(Free-text object descriptions)
------------------------------------------------

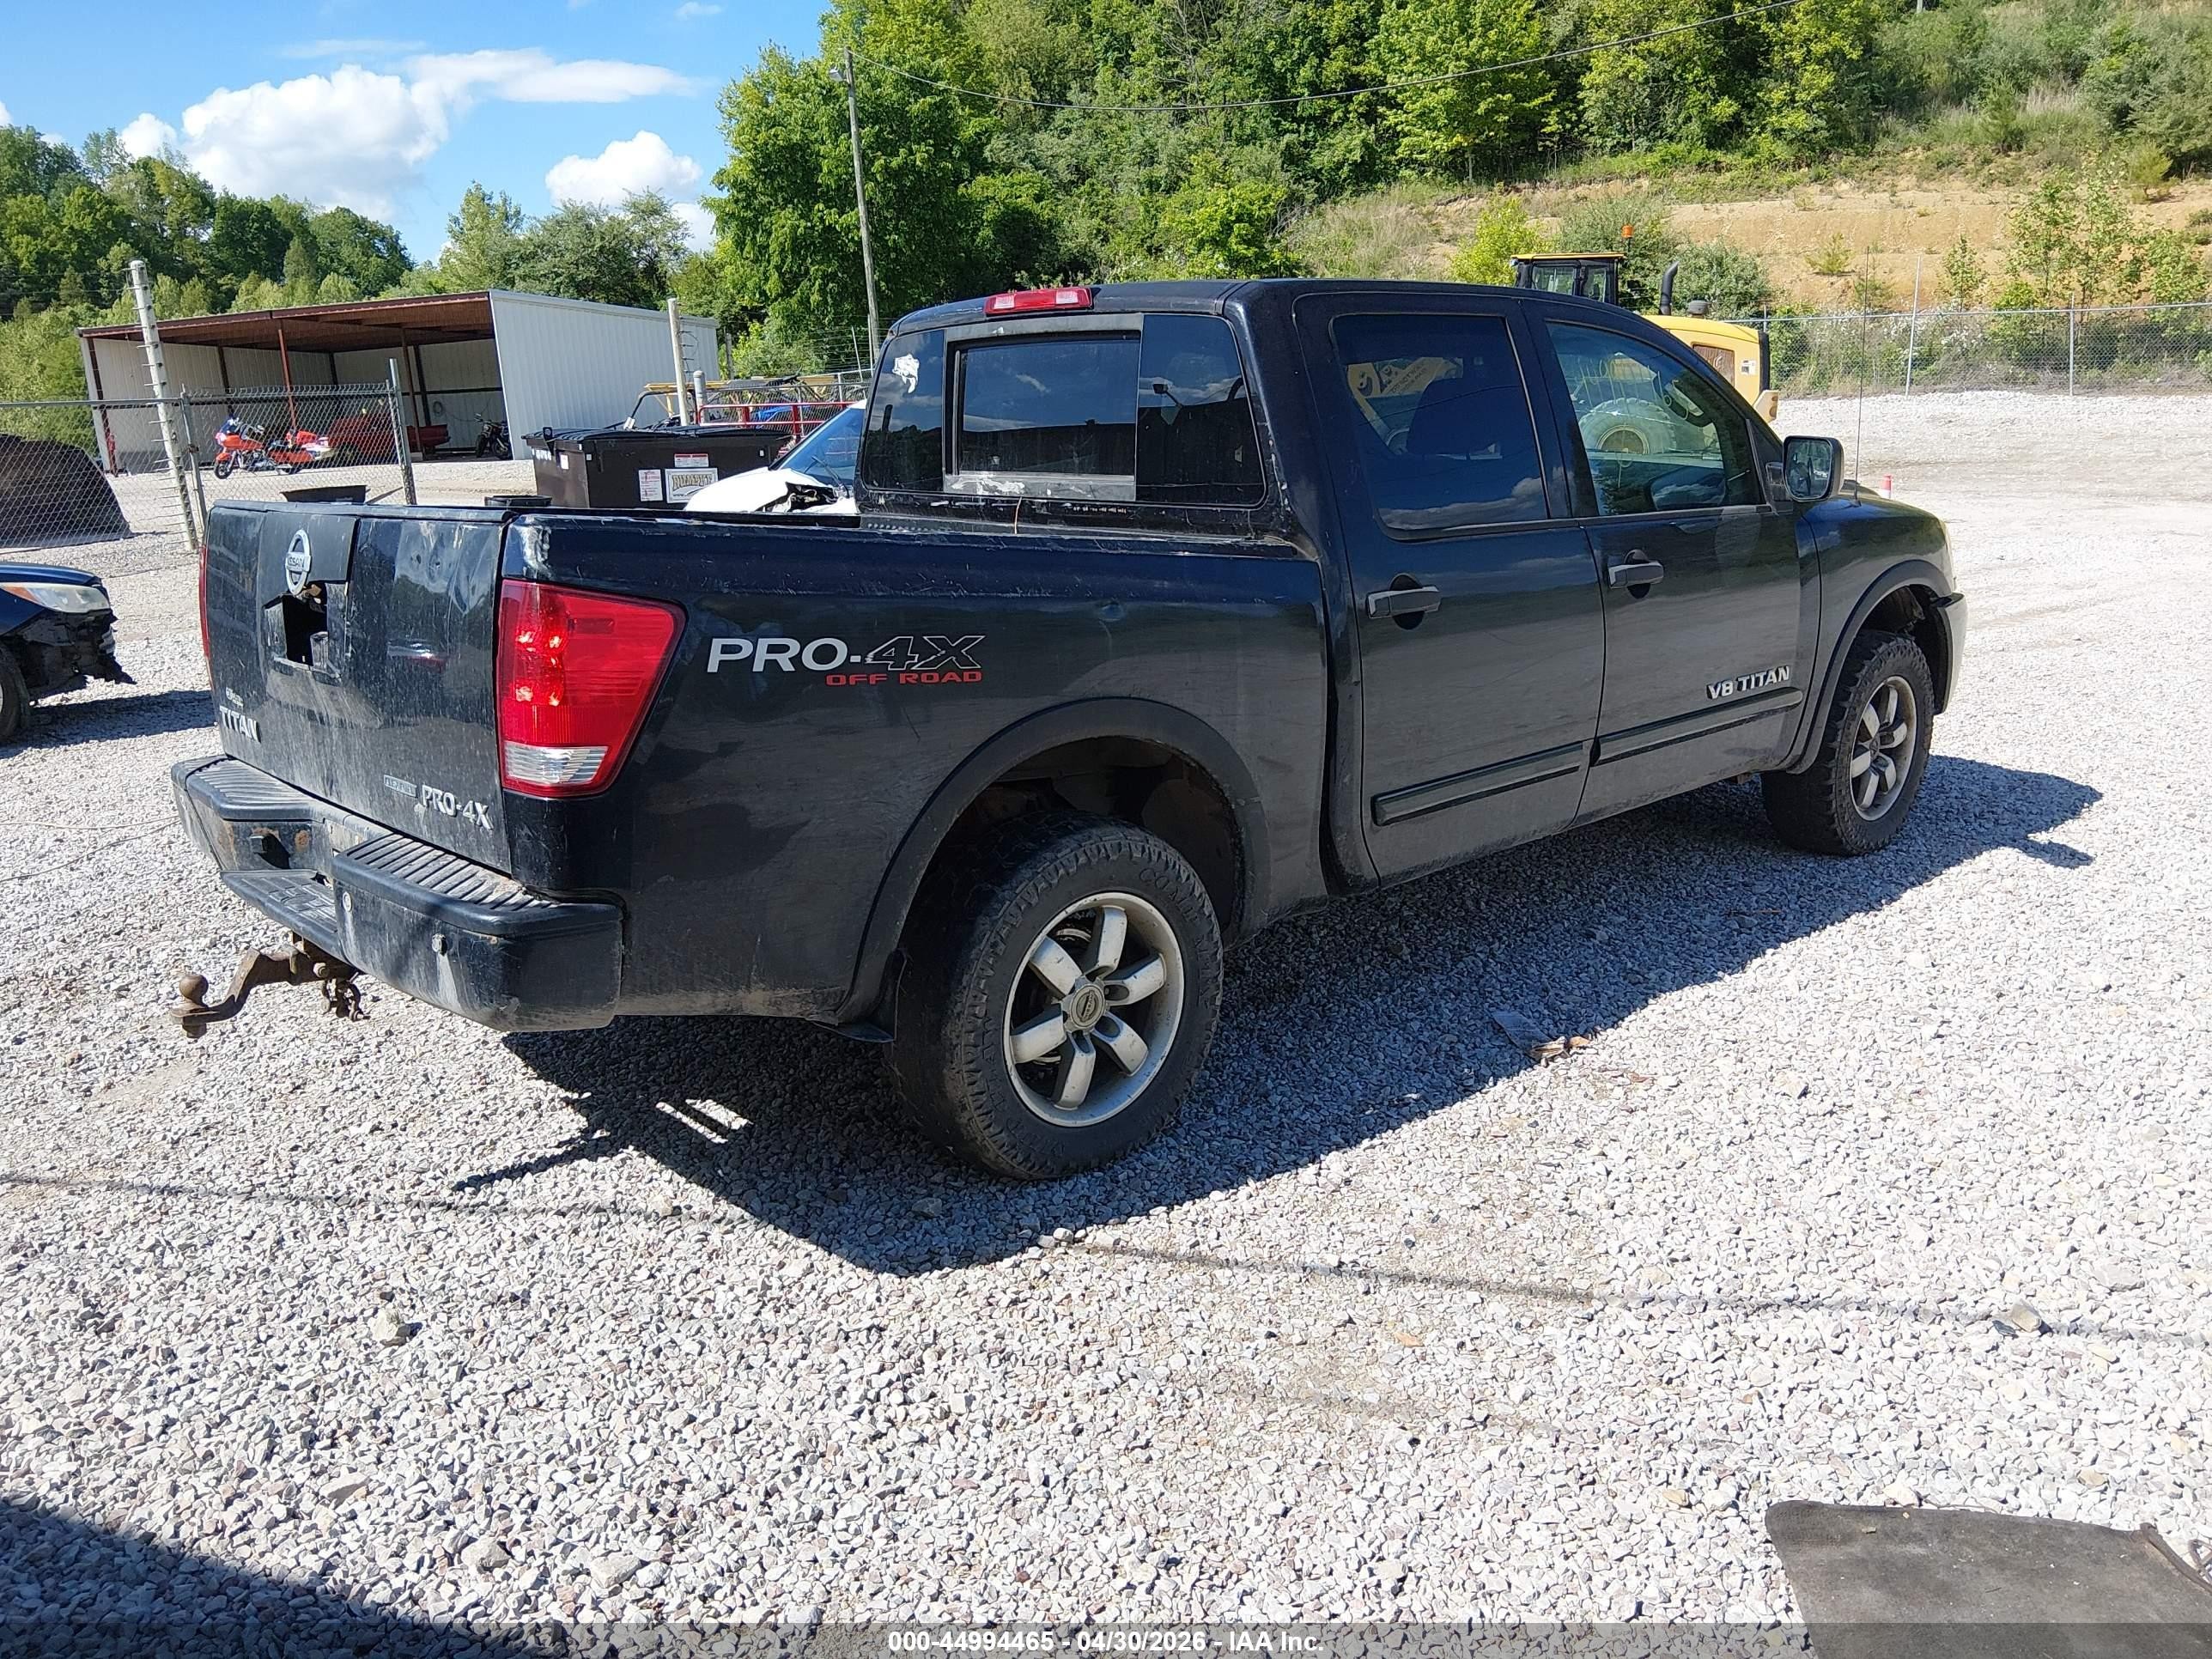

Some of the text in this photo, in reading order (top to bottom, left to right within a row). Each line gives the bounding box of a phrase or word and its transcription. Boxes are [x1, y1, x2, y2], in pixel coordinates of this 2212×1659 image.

[707, 635, 986, 672] PRO-4X
[825, 672, 982, 685] OFF ROAD
[1707, 665, 1790, 700] V8 TITAN
[219, 705, 260, 742] TITAN
[422, 785, 493, 830] PRO-4X
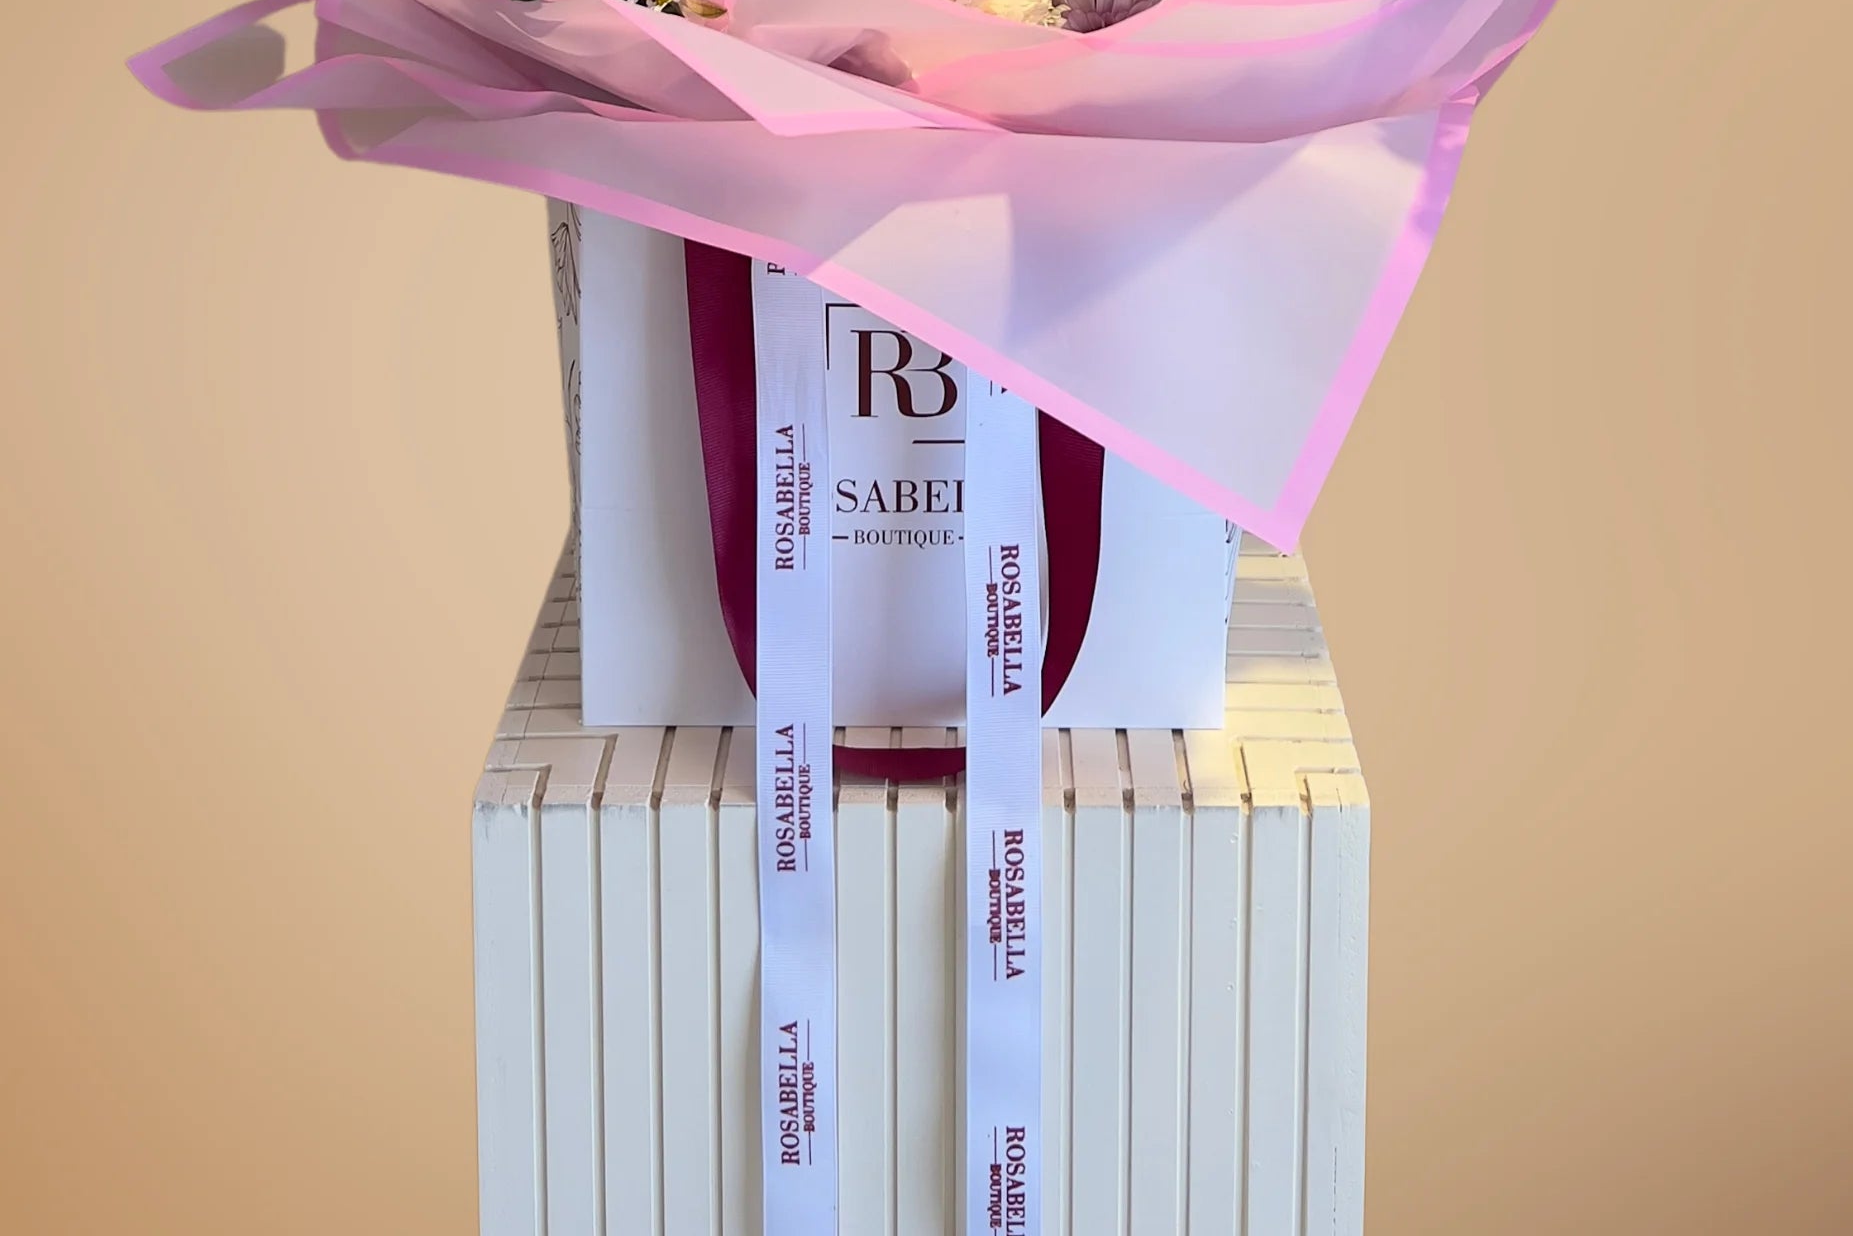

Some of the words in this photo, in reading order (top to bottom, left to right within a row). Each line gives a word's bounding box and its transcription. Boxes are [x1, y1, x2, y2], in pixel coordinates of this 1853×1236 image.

[775, 424, 795, 571] ROSABELLA
[799, 462, 814, 535] BOUTIQUE
[854, 529, 955, 549] BOUTIQUE
[984, 582, 999, 658] BOUTIQUE
[1000, 544, 1022, 696] ROSABELLA
[775, 723, 796, 872] ROSABELLA
[799, 763, 813, 839] BOUTIQUE
[986, 869, 1001, 944] BOUTIQUE
[1003, 829, 1025, 980] ROSABELLA
[779, 1020, 800, 1166] ROSABELLA
[803, 1061, 817, 1133] BOUTIQUE
[987, 1163, 1002, 1228] BOUTIQUE
[1006, 1126, 1026, 1236] ROSABEL

------------------------------------------------

__EXERCISE DIRECTIONS__. Could you return all of the entries above exactly, without any images?

__WRITTEN ANSWER__.
Some of the text in this photo, in reading order (top to bottom, left to right within a row). Each line gives the bounding box of a phrase or word and its transcription. Boxes are [x1, y1, x2, y2], in pixel coordinates of this 2212×1659 image.

[707, 635, 986, 672] PRO-4X
[825, 672, 982, 685] OFF ROAD
[1707, 665, 1790, 700] V8 TITAN
[219, 705, 260, 742] TITAN
[422, 785, 493, 830] PRO-4X

Some of the words in this photo, in reading order (top to bottom, left to right within a row). Each line gives a word's bounding box and its transcription. Boxes are [x1, y1, x2, y2], in pixel coordinates of this 1853×1236 image.

[775, 424, 795, 571] ROSABELLA
[799, 462, 814, 535] BOUTIQUE
[854, 529, 955, 549] BOUTIQUE
[984, 582, 999, 658] BOUTIQUE
[1000, 544, 1022, 696] ROSABELLA
[775, 723, 796, 872] ROSABELLA
[799, 763, 813, 839] BOUTIQUE
[986, 869, 1001, 944] BOUTIQUE
[1003, 829, 1025, 980] ROSABELLA
[779, 1020, 800, 1166] ROSABELLA
[803, 1061, 817, 1133] BOUTIQUE
[987, 1163, 1002, 1228] BOUTIQUE
[1006, 1126, 1026, 1236] ROSABEL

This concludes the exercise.